Core CPI (which strips out more volatile food and energy costs) is seen gaining 0.2% in July, matching June. The annual core CPI pace is expected to slip to 4.7% from 4.8%. Core CPI peaked at 6.5% in March 2022, and one year ago in July, the annual level was 5.9%.

Aiming to tame galloping inflation in 2022, the U.S. Federal Reserve early last year embarked on a string of rate hikes, taking its fed funds target range from a range of 0% to 0.25% to the current 5.25%-5.50% range. That historic pace of monetary tightening was at least in part responsible for the big decline in the price of bitcoin, which has dropped from above $69,000 late in 2021 to close out 2022 around the $16,000 level.

While the largest cryptocurrency is higher by 75% in 2023, the bounce has been rather tepid given the enormity of the preceding decline, with bitcoin – at last check trading just below $29,000 – still off roughly 58% from its all-time high.

To the extent that Fed tightening helped bring along bitcoin’s price crash, the slowing and perhaps end of that tightening has been seen as a factor in bitcoin’s modest recovery. While good news from Thursday’s CPI might reinforce that idea, short-term interest rate traders have already priced in no more rate hikes from the Fed this year.
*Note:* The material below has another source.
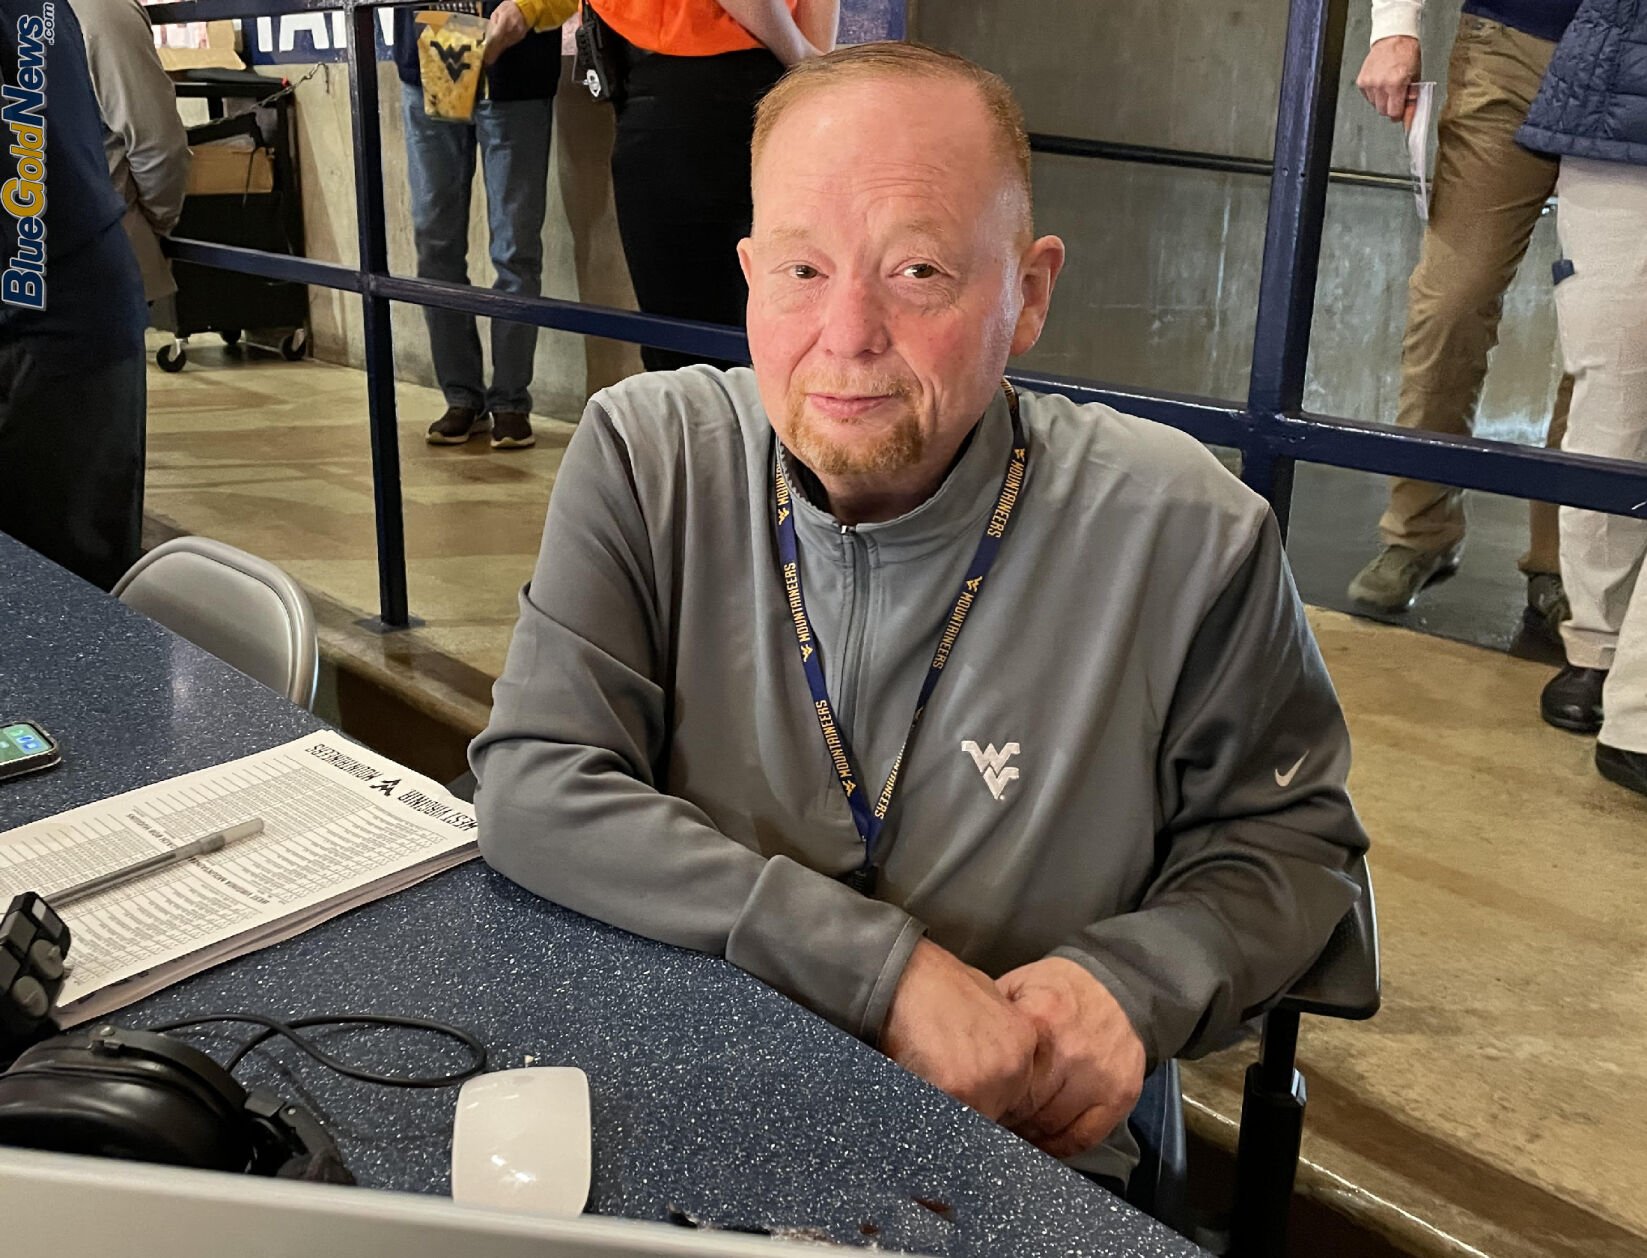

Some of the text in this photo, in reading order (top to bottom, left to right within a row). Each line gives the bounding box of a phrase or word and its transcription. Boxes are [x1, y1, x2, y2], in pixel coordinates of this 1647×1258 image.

[986, 459, 1025, 538] MOUNTAINEERS
[784, 562, 811, 643] MOUNTAINEERS
[932, 590, 974, 670] MOUNTAINEERS
[815, 699, 853, 778] MOUNTAINEERS
A check into 2024 actually shows traders already anticipating rate cuts from the U.S. central bank, perhaps as soon as February.
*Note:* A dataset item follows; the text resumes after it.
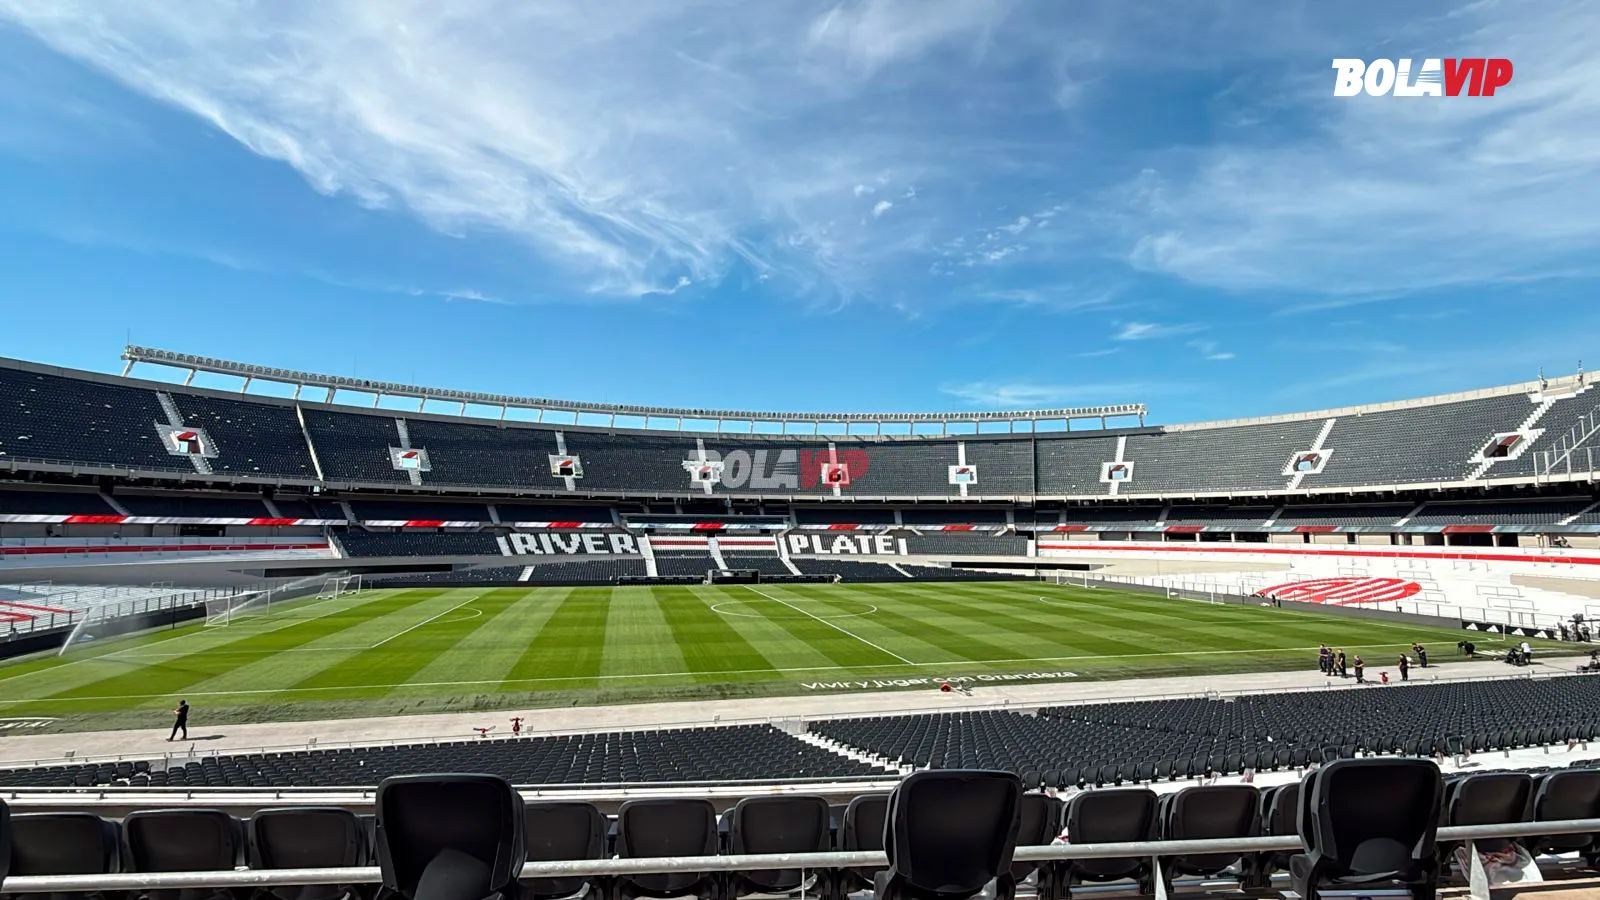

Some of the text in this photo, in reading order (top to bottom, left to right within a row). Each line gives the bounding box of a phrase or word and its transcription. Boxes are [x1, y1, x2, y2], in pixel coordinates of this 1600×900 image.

[509, 533, 896, 555] RIVER PLATE
[854, 680, 868, 689] y
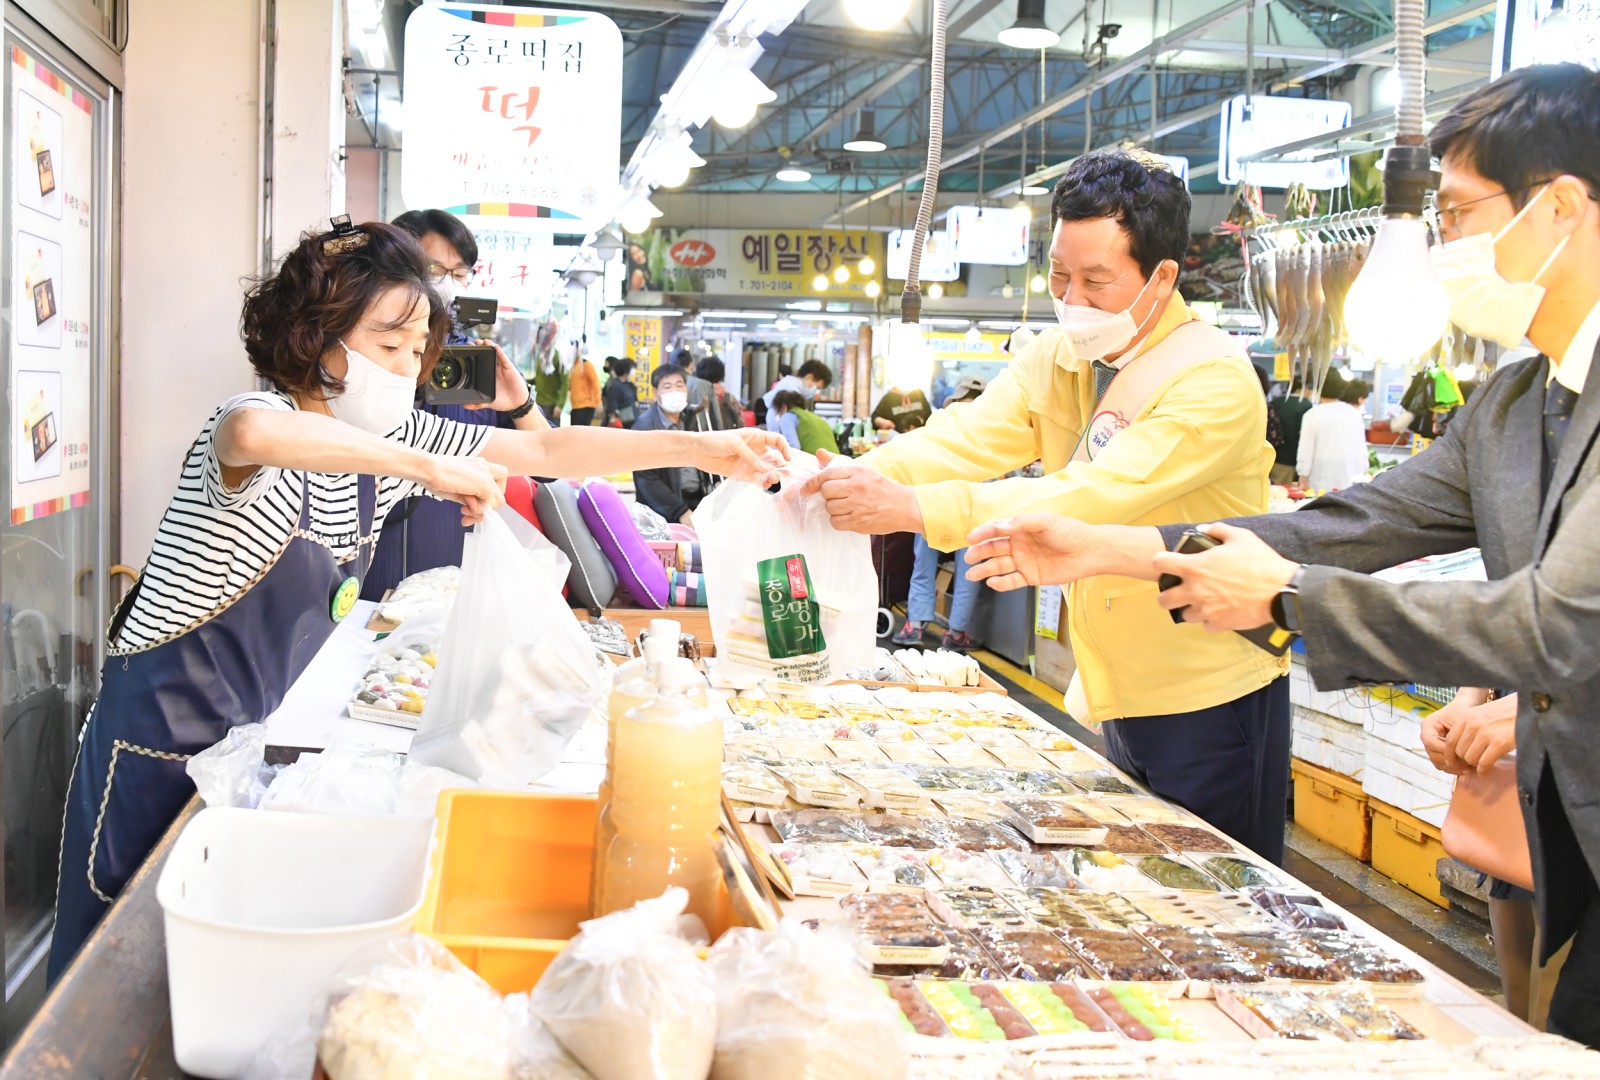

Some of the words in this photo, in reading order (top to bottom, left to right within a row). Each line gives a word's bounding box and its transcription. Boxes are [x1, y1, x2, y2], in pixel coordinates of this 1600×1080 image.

Read more: Fed’s Rate Hike Cycle Has Peaked, Investment Banks Say

While it’s hard to imagine this week’s CPI data changing the bullish bitcoin calculus with respect to central bank policy, a negative surprise – i.e., CPI coming in significantly higher than expected – could send bitcoin lower on worry that interest rates will go even higher.

Edited by Nick Baker.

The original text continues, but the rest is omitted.